Estudo do IQA revela desafios para a competitividade da indústria automotiva no Brasil

Desafios do IQA para a Competitividade da Indústria Automotiva no Brasil: Principais Resultados e Impactos

O Brasil corre o risco de perder relevância na nova indústria automotiva global se não acelerar o avanço em tecnologia, qualificação profissional e melhoria do ambiente de negócios. A conclusão está no “Estudo IQA: Cenário da Qualidade Automotiva no Brasil 2026-2028”, elaborado pelo IQA – Instituto da Qualidade Automotiva e lançado nesta segunda-feira, 18 de maio. O trabalho reúne contribuições de 36 entidades e lideranças do setor, que representam cerca de 230 mil empresas em todos os elos da cadeia automotiva, da produção ao pós-vendas.

O levantamento mostra uma indústria em plena ruptura, pressionada pela inteligência artificial, eletrificação, conectividade e digitalização. O veículo se consolida como uma plataforma tecnológica baseada em software, eletrônica e dados, o que eleva o nível de exigência em desenvolvimento, validação e qualidade ao longo de toda a cadeia.

Esse processo ocorre em um ambiente de forte competição global. A chegada de novas marcas ao mercado brasileiro, em especial montadoras chinesas, aumenta a pressão por competitividade com a oferta de produtos e tecnologias mais avançados. Segundo os participantes do estudo, essa pressão externa se combina a entraves internos já conhecidos: alta carga tributária, custos logísticos elevados, insegurança regulatória e restrições de crédito, fatores que travam investimentos e atrasam a modernização do parque automotivo.

O alerta é grave em um setor estratégico para a economia, responsável por cerca de R$ 107 bilhões em impostos por ano e por aproximadamente 1,3 milhão de empregos diretos e indiretos. “É urgente preparar a indústria automotiva brasileira para uma nova etapa, em que a competitividade dependerá cada vez mais da capacidade tecnológica, da formação profissional e da confiabilidade sistêmica”, afirma Cláudio Moysés, presidente do IQA indicado pela Anfavea (Associação Nacional dos Fabricantes de Veículos Automotores).

Um dos principais pontos de atenção identificados pelo estudo é a formação profissional. A indústria passa a demandar competências em software, eletrônica embarcada, inteligência artificial e novas tecnologias de propulsão, enquanto o país ainda convive com escassez de mão de obra qualificada, currículos desatualizados e perda de atratividade do setor entre os jovens.

“O estudo do IQA indica que o desafio é aproximar a percepção sobre o setor da realidade atual da indústria, que está cada vez mais tecnológica.
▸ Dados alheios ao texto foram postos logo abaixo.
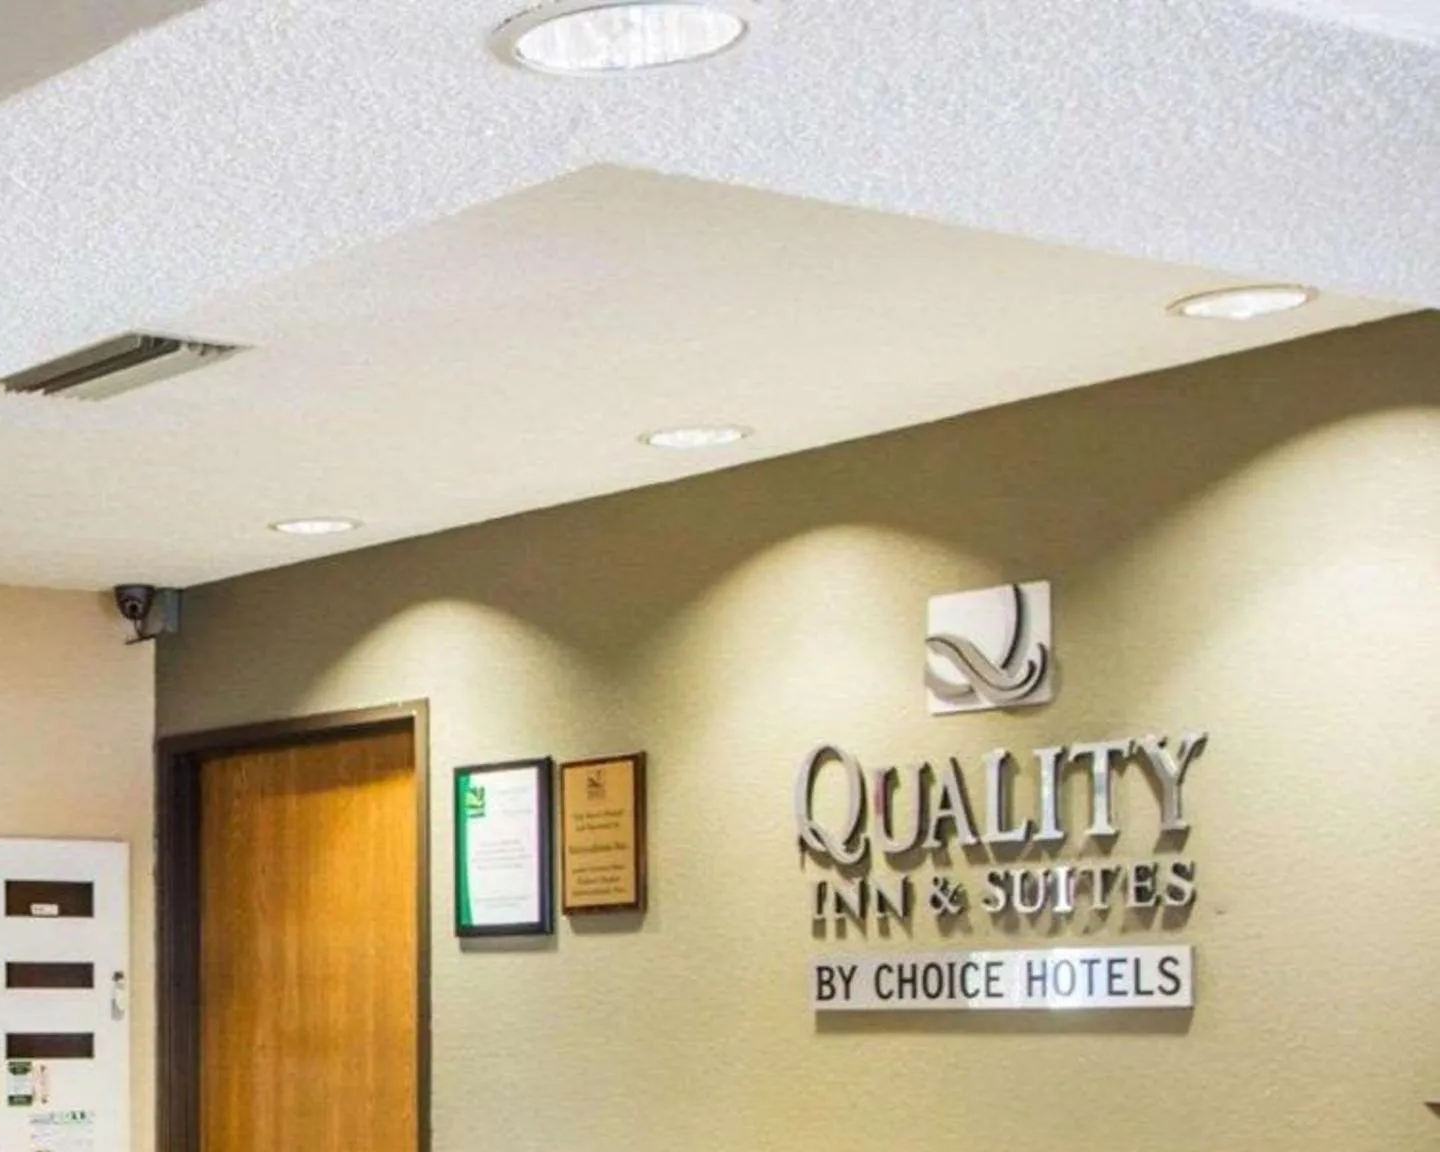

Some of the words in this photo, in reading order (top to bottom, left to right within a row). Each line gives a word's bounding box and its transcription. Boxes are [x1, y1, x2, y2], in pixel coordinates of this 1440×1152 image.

[795, 732, 1207, 864] QUALITY
[813, 876, 911, 921] INN
[929, 876, 963, 914] &
[982, 862, 1197, 914] SUITES
[815, 964, 859, 1001] BY
[874, 961, 1005, 1000] CHOICE
[1026, 956, 1183, 999] HOTELS
Isso impacta diretamente a capacidade de atrair e formar novos profissionais”, destaca o diretor superintendente do Instituto, Alexandre Xavier.

O diagnóstico é que boa parte da sociedade ainda associa o setor automotivo a uma realidade tradicional, distante das fronteiras tecnológicas que hoje redefinem a mobilidade. Esse descompasso dificulta a renovação dos quadros e a formação da próxima geração de profissionais.
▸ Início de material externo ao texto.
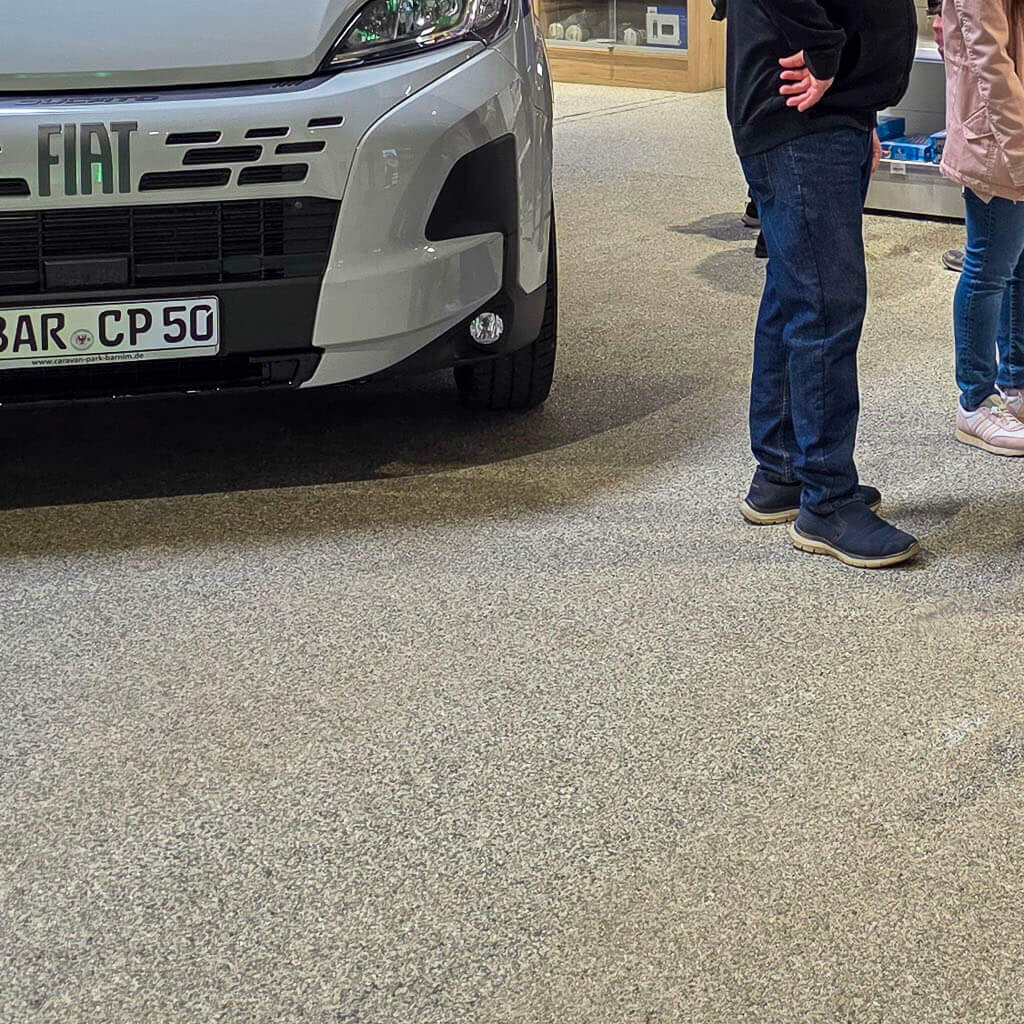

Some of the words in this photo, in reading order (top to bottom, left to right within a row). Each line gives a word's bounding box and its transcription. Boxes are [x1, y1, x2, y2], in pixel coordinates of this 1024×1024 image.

[38, 120, 138, 197] FIAT
[98, 308, 153, 347] CP
[163, 304, 214, 344] 50
A transformação em curso não se restringe à tecnologia e ao capital humano. Na agenda ambiental, o estudo aponta que a descarbonização seguirá como eixo central das mudanças, mas ressalta que o Brasil tem vantagens competitivas para adotar uma estratégia multitecnológica, combinando biocombustíveis, eletrificação gradual e soluções híbridas. Para isso, no entanto, será necessário avançar em marcos regulatórios e em desenvolvimento técnico de forma consistente.
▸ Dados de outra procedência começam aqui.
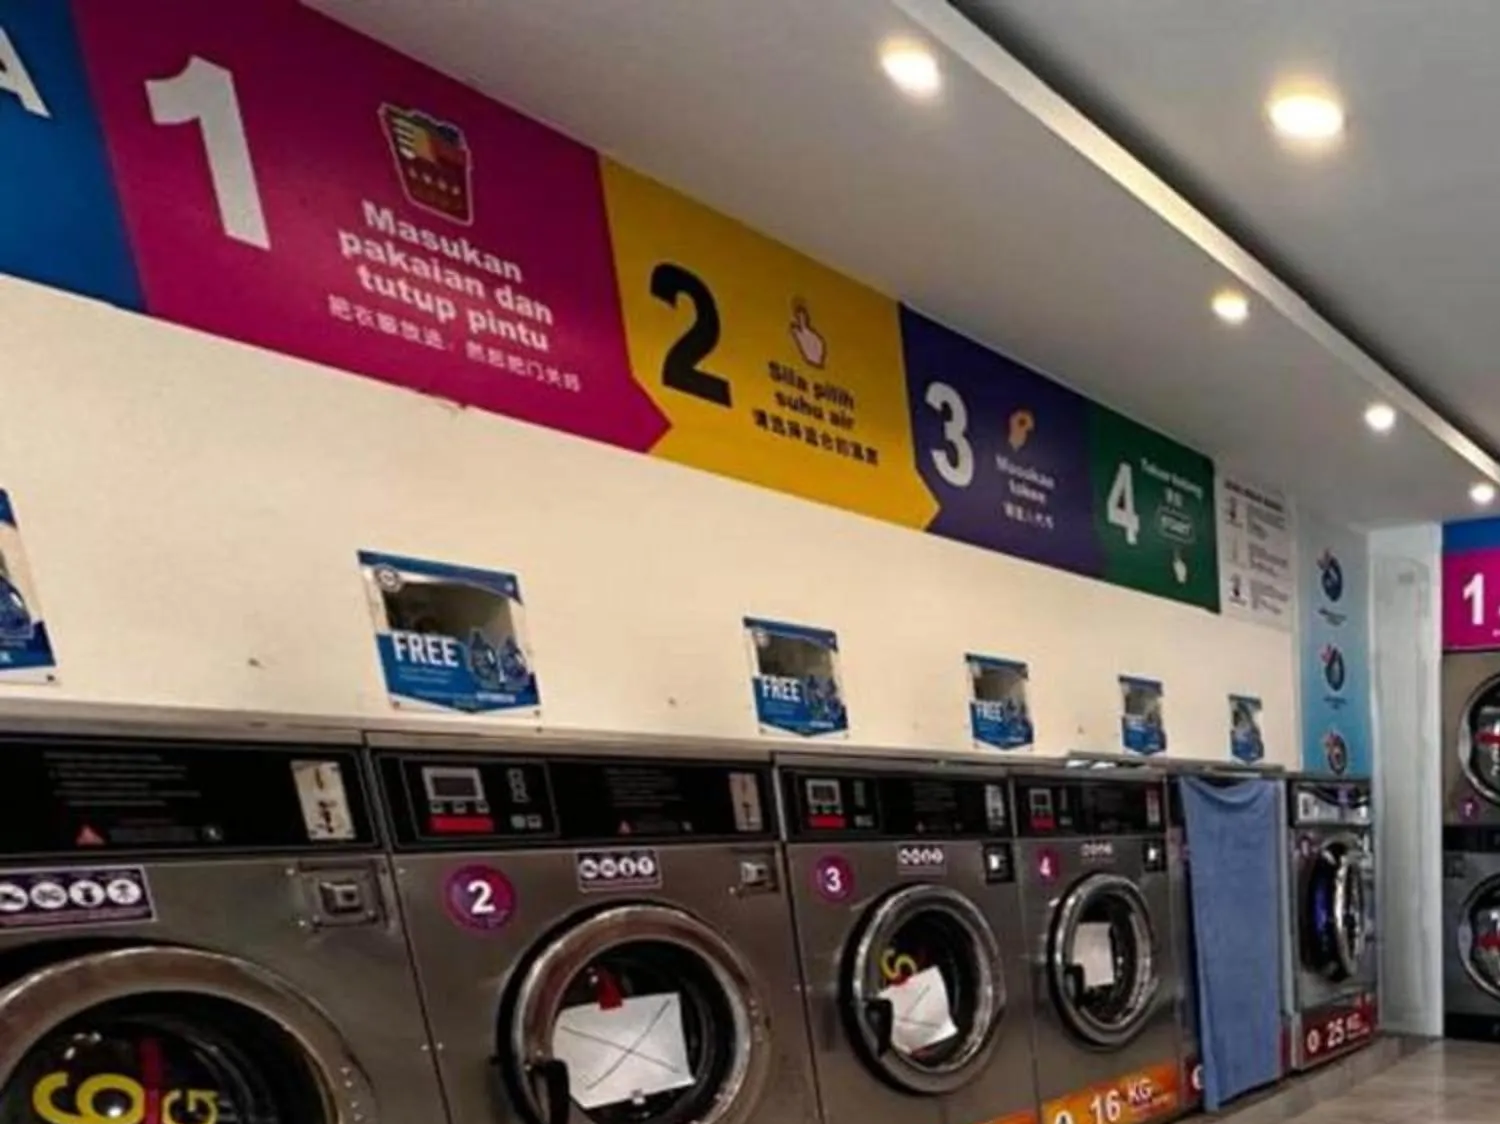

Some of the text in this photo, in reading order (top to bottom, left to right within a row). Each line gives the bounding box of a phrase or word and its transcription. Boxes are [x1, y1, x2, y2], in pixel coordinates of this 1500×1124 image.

[144, 55, 271, 250] 1
[361, 198, 523, 284] Masukan
[337, 228, 554, 326] pakaian dan
[356, 263, 550, 353] tutup pintu
[649, 261, 733, 409] 2
[768, 360, 854, 411] Sila pilih
[774, 391, 854, 430] suhu air
[925, 381, 974, 488] 3
[1107, 462, 1139, 544] 4
[1462, 572, 1484, 625] 1
[391, 631, 459, 668] FREE
[761, 675, 801, 701] FREE
[467, 880, 496, 914] 2
[825, 867, 841, 892] 3
[1127, 1078, 1151, 1103] KG
O “Estudo IQA: Cenário da Qualidade Automotiva no Brasil 2026-2028” foi concebido para apoiar empresas, entidades, formuladores de políticas públicas e demais agentes da cadeia produtiva na definição de estratégias mais resilientes diante das mudanças que devem moldar o futuro do setor automotivo no país. O material consolida análises e contribuições de especialistas do IQA e de lideranças envolvidas no projeto e será disponibilizado ao público pelos canais oficiais do Instituto após o lançamento.